(Aim of the exercise) Give back word for word every line from the one that includes "this 960×1280 image." through the last line of the listing, and nothing besides.

(Data records)
• • • • • • •
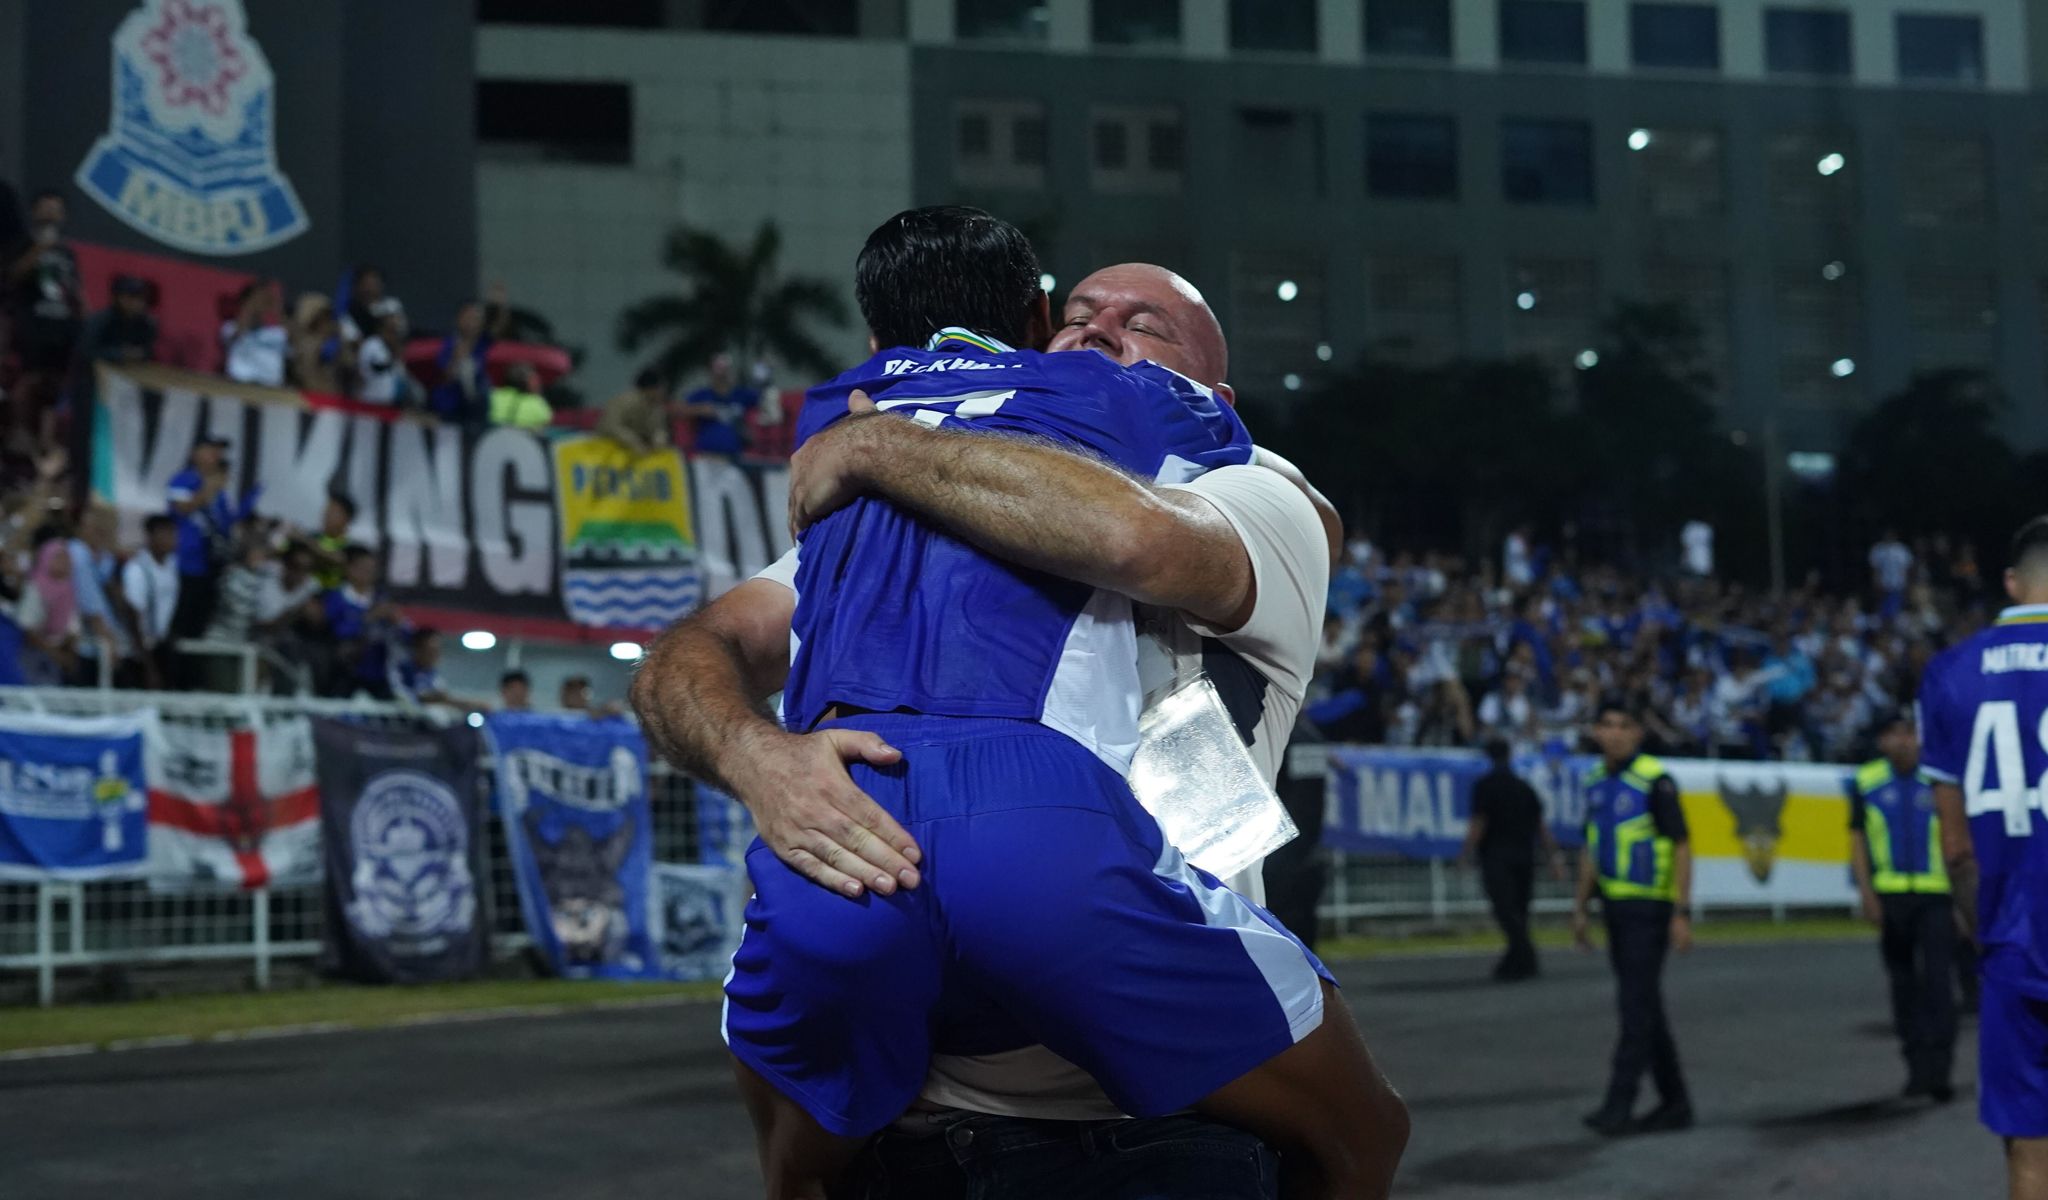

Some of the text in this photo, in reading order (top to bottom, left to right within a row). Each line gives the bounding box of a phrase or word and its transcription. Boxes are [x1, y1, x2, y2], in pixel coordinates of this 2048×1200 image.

[119, 169, 268, 244] MBPJ
[101, 369, 553, 595] VIKING
[572, 463, 673, 502] PERSIB
[1964, 701, 2048, 836] 4
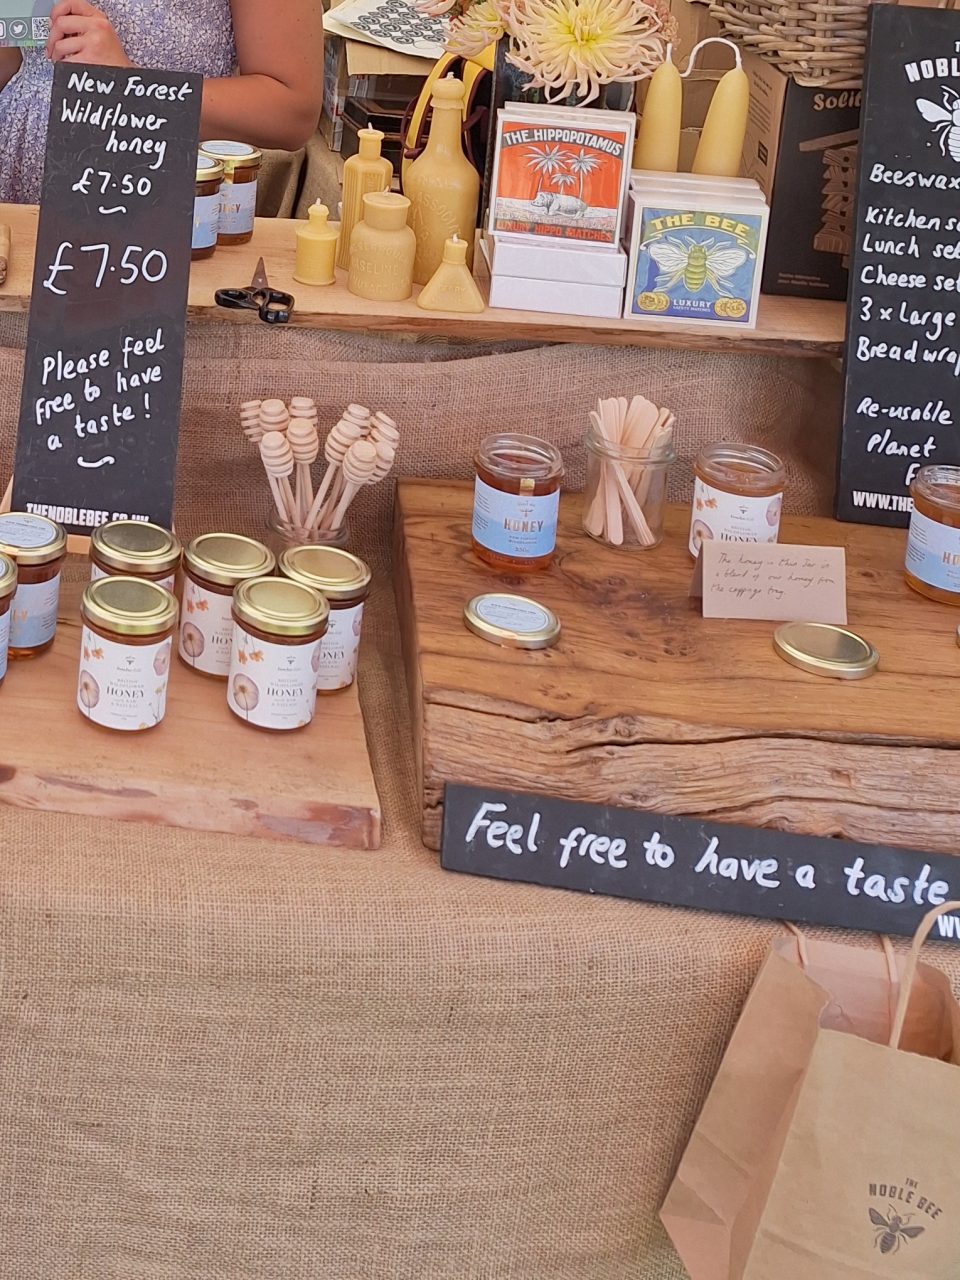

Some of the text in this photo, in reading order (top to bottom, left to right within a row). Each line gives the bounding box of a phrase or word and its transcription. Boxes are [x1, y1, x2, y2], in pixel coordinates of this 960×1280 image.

[904, 57, 960, 83] NOBL
[67, 71, 193, 102] New Forest
[60, 98, 168, 131] Wildflower
[105, 130, 167, 170] honey
[503, 128, 624, 157] THE HIPPOPOTAMUS
[71, 167, 152, 196] £7.50
[869, 163, 960, 191] Beeswax
[496, 219, 612, 241] LUXURY HIPPO MATCHES
[651, 214, 750, 238] THE BEE
[865, 205, 941, 232] Kitchen
[862, 232, 920, 258] Lunch
[42, 241, 169, 296] £7.50
[860, 265, 927, 288] Cheese
[673, 299, 712, 308] LUXURY
[859, 296, 873, 321] 3
[899, 301, 957, 341] Large
[42, 327, 165, 386] Please feel
[856, 336, 918, 363] Bread
[35, 365, 162, 425] free to have
[856, 396, 954, 425] Re-usable
[47, 434, 63, 451] a
[503, 517, 544, 533] HONEY
[106, 685, 144, 699] HONEY
[266, 687, 304, 697] HONEY
[465, 802, 949, 906] Feel free to have a taste
[905, 1177, 919, 1189] THE
[868, 1183, 943, 1220] NOBLE BEE
• • • • • • •
(Response to the exercise)
Some of the text in this photo, in reading order (top to bottom, left to right within a row). Each line gives the bounding box of a phrase or word and its transcription. Boxes are [x1, y1, x2, y2], in pixel coordinates of this 960×1280 image.

[904, 57, 960, 83] NOBL
[67, 71, 193, 102] New Forest
[60, 98, 168, 131] Wildflower
[105, 130, 167, 170] honey
[503, 128, 624, 157] THE HIPPOPOTAMUS
[71, 167, 152, 196] £7.50
[869, 163, 960, 191] Beeswax
[496, 219, 612, 241] LUXURY HIPPO MATCHES
[651, 214, 750, 238] THE BEE
[865, 205, 941, 232] Kitchen
[862, 232, 920, 258] Lunch
[42, 241, 169, 296] £7.50
[860, 265, 927, 288] Cheese
[673, 299, 712, 308] LUXURY
[859, 296, 873, 321] 3
[899, 301, 957, 341] Large
[42, 327, 165, 386] Please feel
[856, 336, 918, 363] Bread
[35, 365, 162, 425] free to have
[856, 396, 954, 425] Re-usable
[47, 434, 63, 451] a
[503, 517, 544, 533] HONEY
[106, 685, 144, 699] HONEY
[266, 687, 304, 697] HONEY
[465, 802, 949, 906] Feel free to have a taste
[905, 1177, 919, 1189] THE
[868, 1183, 943, 1220] NOBLE BEE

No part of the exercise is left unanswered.